Saturday, November 24, 2012

A Sense of Place





It was a crisp sort of day today. The sky was like a glass ceiling. Just above the tree tops was where its expansiveness ended. What a claustrophobic feeling when your eyes aren’t free to wonder into infinity. This kind of sky was new to me. For such a relatively cloudless day it felt so close and concrete, characteristics not typical of a vast and wispy slice of space. Looking up I felt like a piano had fallen on me, because my fast sweeping gaze was stopped abruptly and unexpectedly by this glass ceiling. Jarring. At first it made me feel like everything was cold and impersonal, and I was an uninvited guest, but that was just the wrong side of perspective. The interruption of blue vastness was just a way to encase everything to make it closer and uniquely tangible.


There were a myriad of roads to choose from, and I was not overwhelmed by the choices. Yet, I did want to explore each and every one of them. They trailed off to nowhere and somewhere at the same time, and introduced me to spaces devoid. It was there that one could really breathe in the earthy magic spells, nestled between the leaves and buried under layers of dirt. Fairies could have easily been dance amongst the mushrooms. Adults and Children alike can feel the electricity in the air, not unlike the charge that gladiators felt right before battle. 

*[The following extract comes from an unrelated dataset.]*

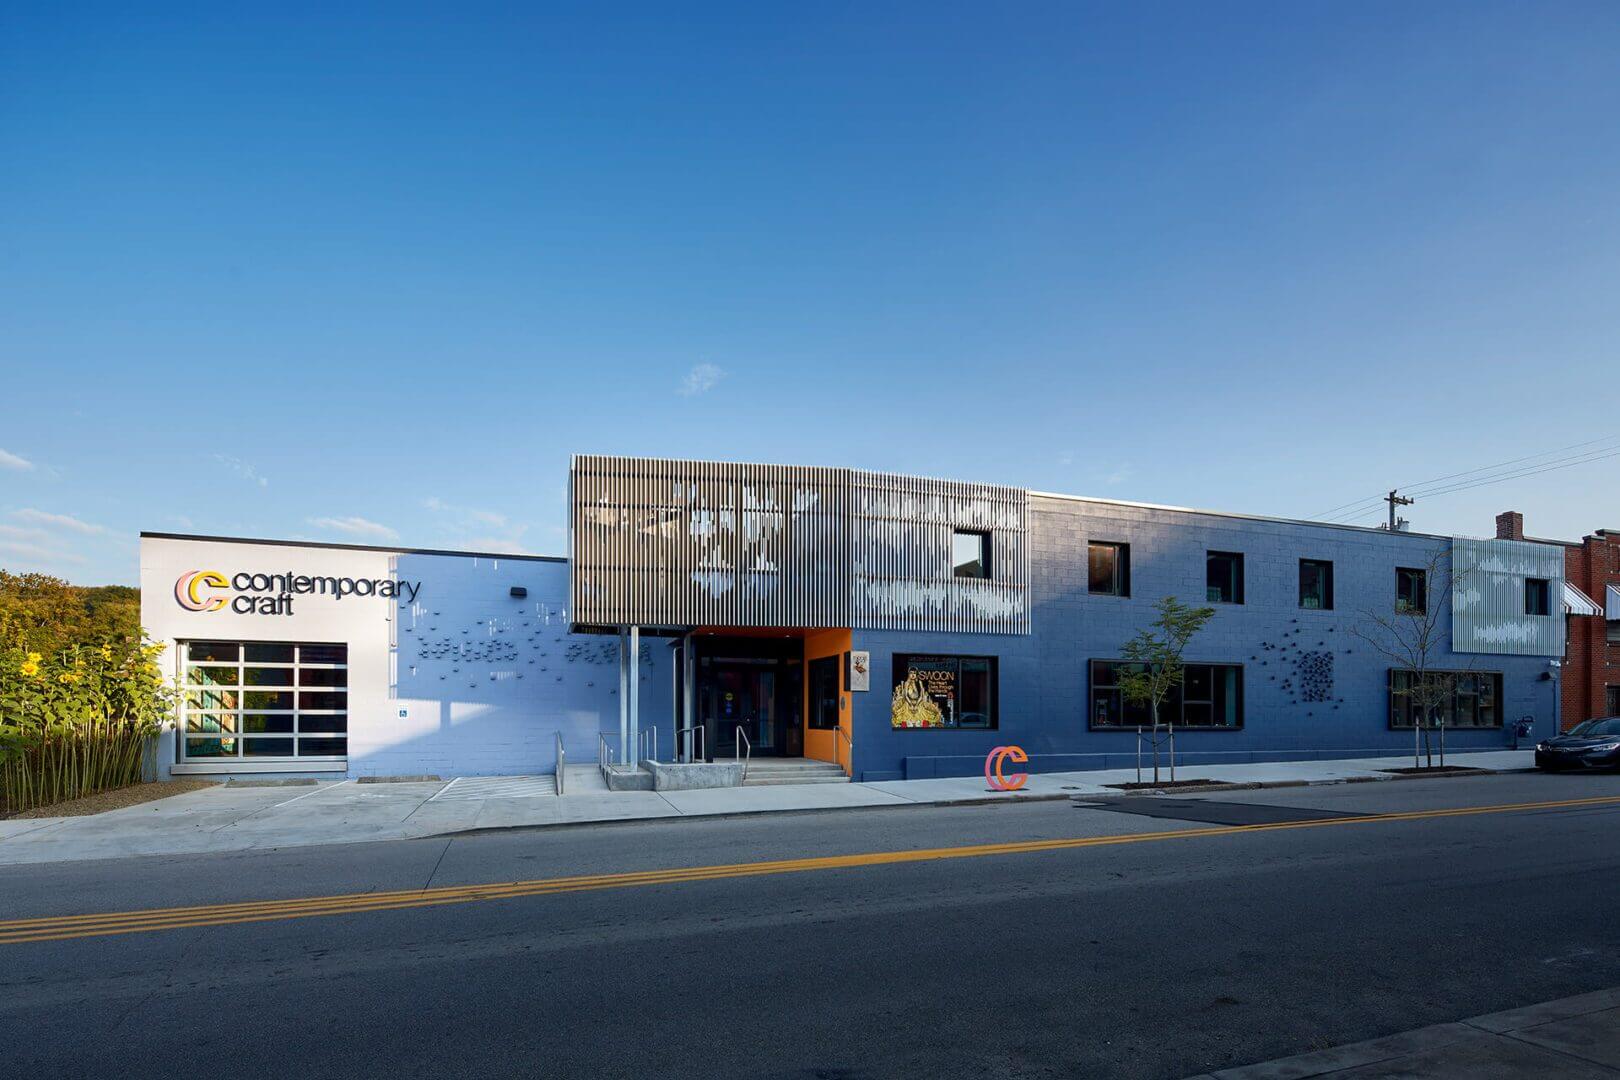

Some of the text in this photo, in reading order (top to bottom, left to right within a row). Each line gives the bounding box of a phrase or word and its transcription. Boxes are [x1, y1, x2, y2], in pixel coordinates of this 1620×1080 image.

Once I came back from being checked out for so long simply wondering through the unpopulated spaces of the Gardens at the Palace of Versailles I encountered people with an unrivaled fantastical outlook. It seemed that I was not the only one deeply impacted by the atmosphere, even though I assume most did not explore as intimately as I had. 


All morning I was walking without purpose throughout the grand hallways of the Palace, with no interest in what I was looking at. Then I caught a glimpse out the window of a place that sparked my interest without even knowing how wonderful and never-ending it truly was. The Gardens are nearly 2000 acres of daydreams, and my only wish was that I could have seen every microcosm within the macrocosms of this place in one visit that was much too short.


I wanted this day to last just long enough. I couldn't speed my way through the Palace fast enough. It broke my heart to leave. Just one more minute, okay. Please, just one more minute. Me begging much like a child at an amusement park. There was still so much to do, and so much to see, and so much more to photograph. I was so selfish I wanted all the magic to myself. I wanted to savor the oneness with my camera.